ANTONIO CHRAPOVIZKIJ, metropolita di KIEV. - Al secolo Alessio C., fu per ca. 50 anni uno dei più significativi rappresentanti della gerarchia dissidente e della teologia russa. N. nel 1863, nella diocesi di Novgorod, fece gli studi a Pietroburgo. Dal 1890 fu rettore del seminario ecclesiastico di Pietroburgo, più tardi dell'Accademia ecclesiastica prima di Mosca e poi di Kazan. Nel 1897 fu eletto vescovo, nel 1906 arcivescovo, nel 1912 membro del Santo Sinodo. Tra gli anni 1902-14 svolse una grande attività pastorale in Volinia. Nel 1914 divenne arcivescovo di Charkov. Scoppiata la Rivoluzione, negli anni 1917-18 partecipò al Concilio panrusso di Mosca, e fu uno dei tre candidati al patriarcato. Poi, come metropolita di Kiev, si rifugiò all'estero.
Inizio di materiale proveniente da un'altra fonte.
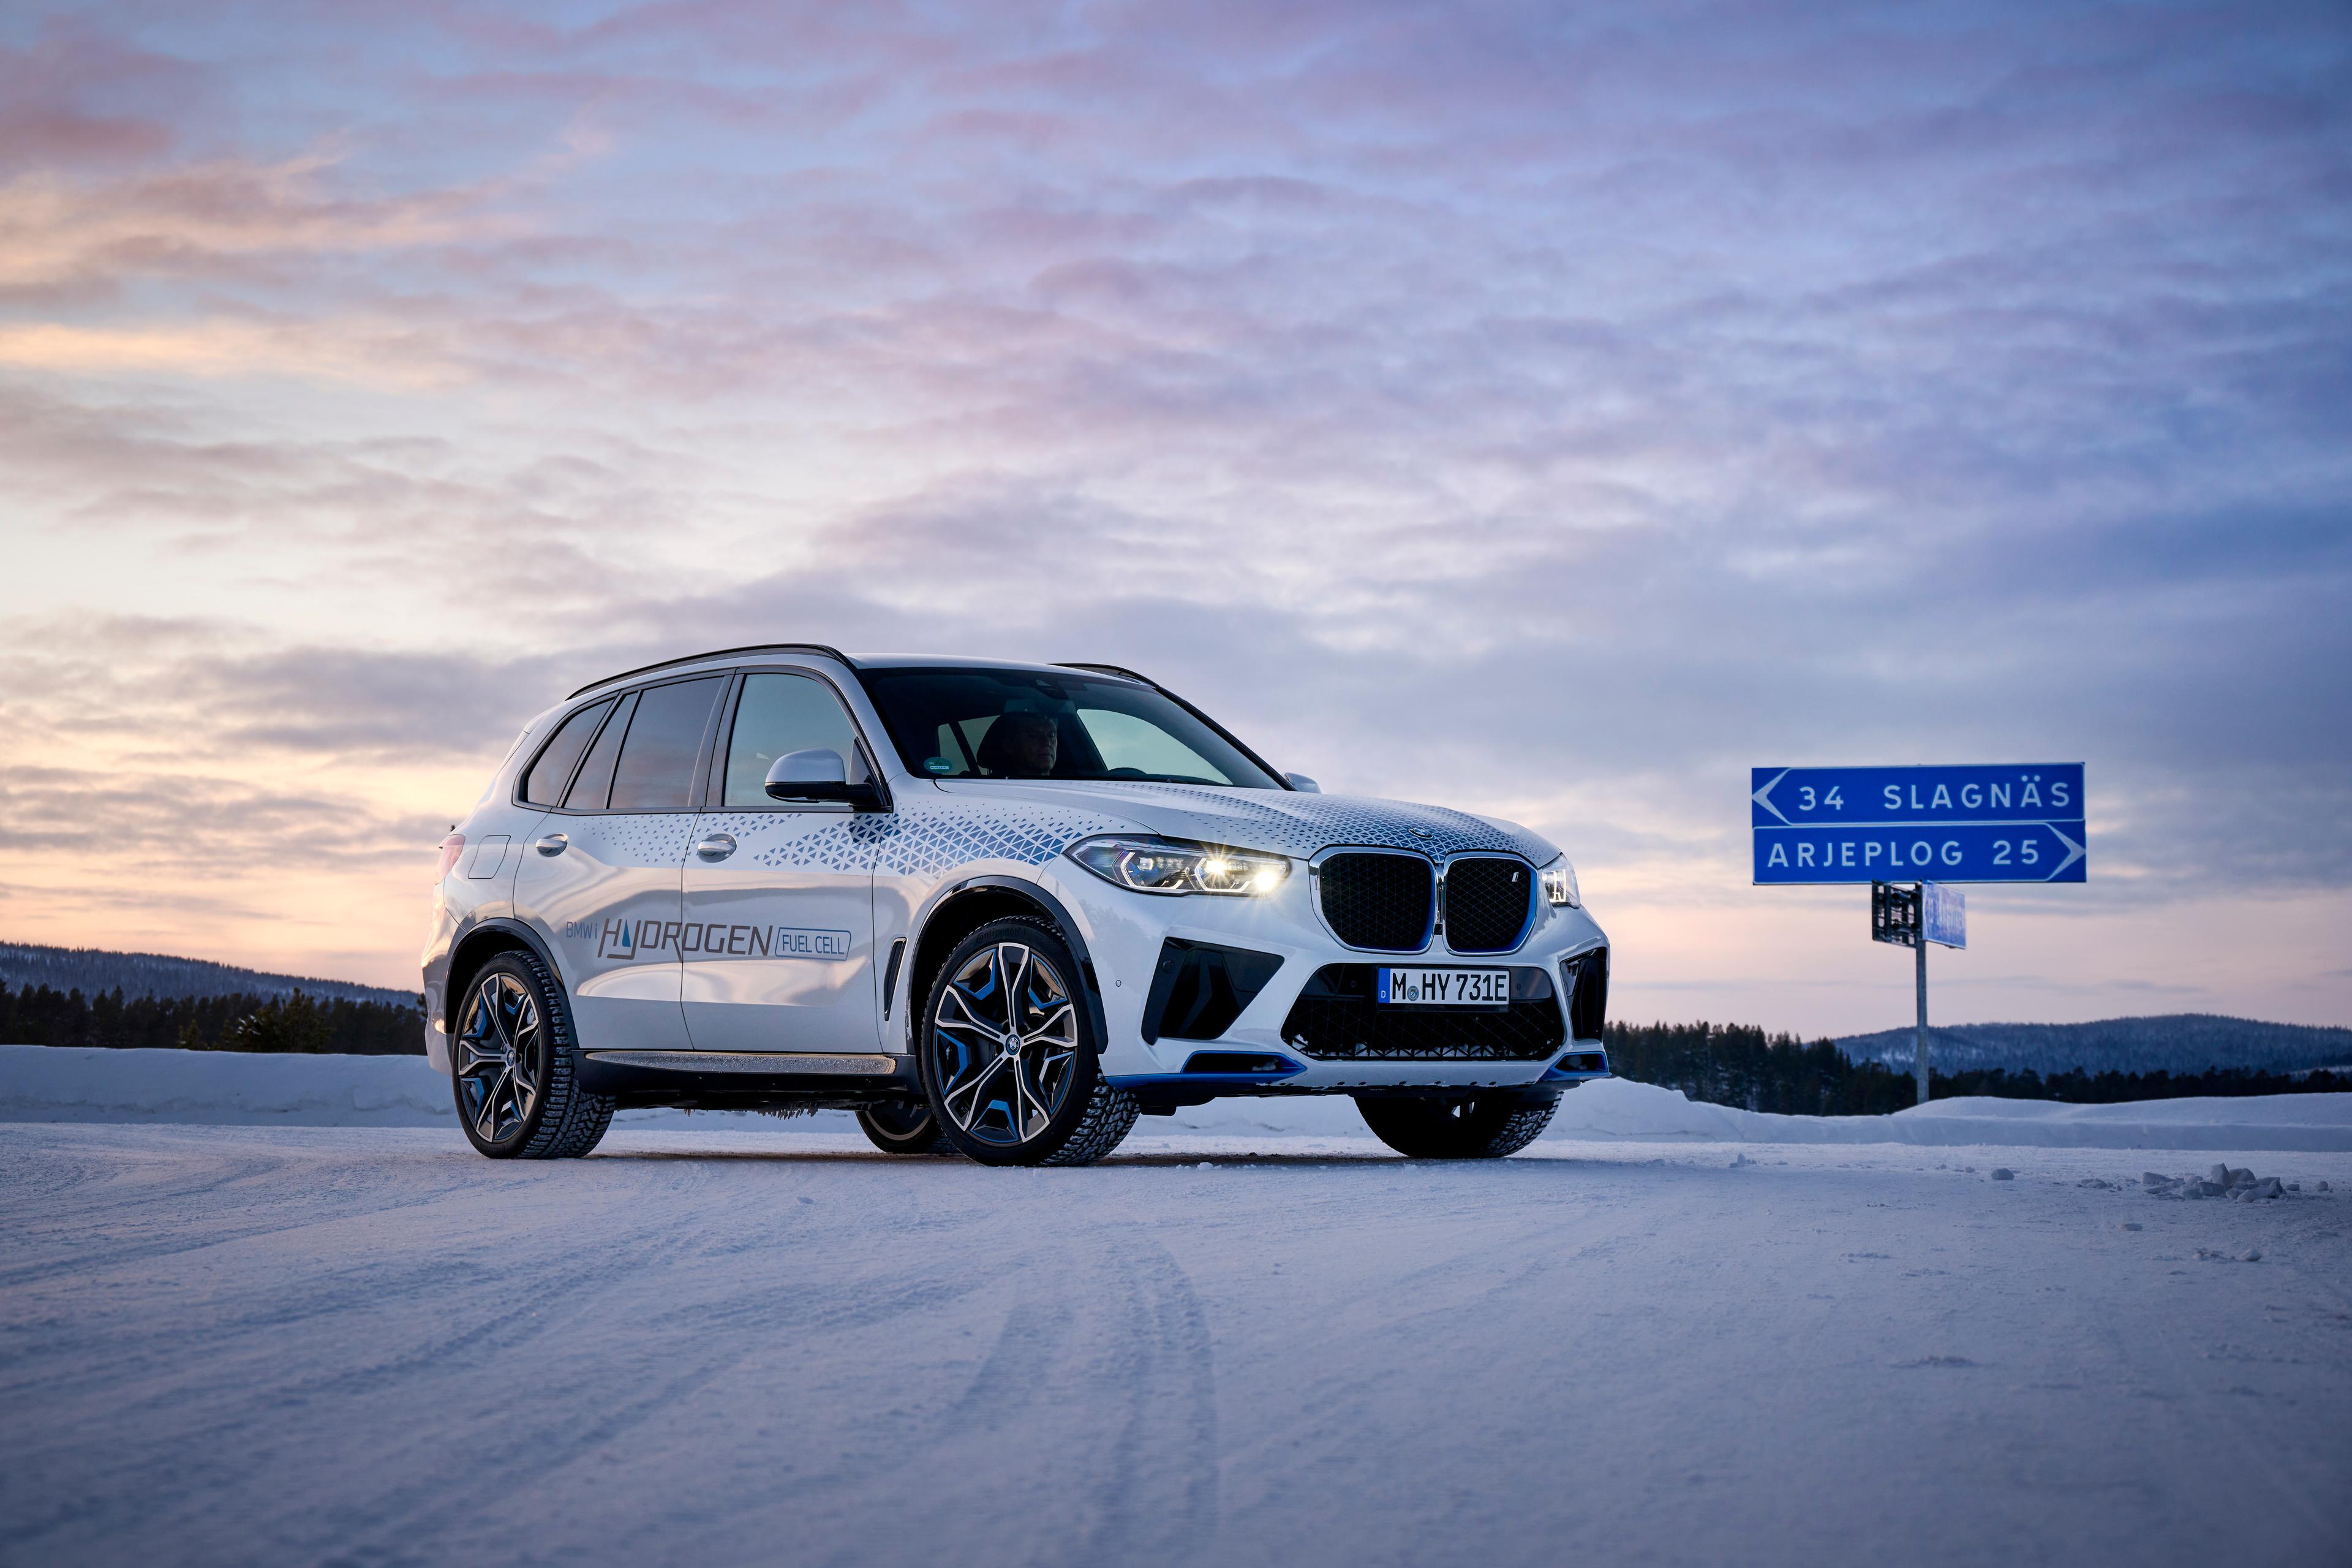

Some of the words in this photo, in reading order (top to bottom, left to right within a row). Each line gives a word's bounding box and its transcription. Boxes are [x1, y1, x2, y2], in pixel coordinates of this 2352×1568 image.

[1798, 786, 1844, 811] 34
[1883, 775, 2070, 809] SLAGNÄS
[1768, 841, 1962, 867] ARJEPLOG
[1992, 840, 2040, 865] 25
[566, 921, 592, 940] BMW
[597, 918, 773, 962] HYDROGEN
[782, 934, 813, 953] FUEL
[815, 936, 845, 955] CELL
[1392, 973, 1406, 1000] M
[1422, 973, 1450, 1000] HY
[1456, 974, 1507, 1001] 731E
Nel 1920 si stabilì, come capo del Sinodo dei vescovi della Chiesa russa dissidente all'estero, a Sremski Karlovzi in Jugoslavia, ove morì nel 1936. Ebbe una vivace controversia con Soloviev sul primato del Papa in senso decisamente anticattolico. Tutto l'indirizzo teologico di A. è etico-moralizzante. In storiologia negava la parte oggettiva della Redenzione, respingendola come giuridismo (cf. Saggi di catechismo cristiano ortodosso [in russo, come tutte le sue opere], Karlovzi 1924, e Il dogma della Redenzione, 1926). Anche teologi dissidenti si opposero ai suoi errori storiologici. A. è notevolmente influenzato da Dostojevskij (cf. il suo Dizionario per le opere di Dostojevskij, Sofia 1921). Opere complete, 3 voll., 2a ed., Pietroburgo 1911; opere scelte, Belgrado 1935.

BIBL.: N. Ladomerzsky, Dernières déviations sotériologiques dans la théologie russe, Roma 1945; B. Schultz, La nuova soteriologia russa, in Orientalia Christi. Per., 11 (1945), pp. 174-89.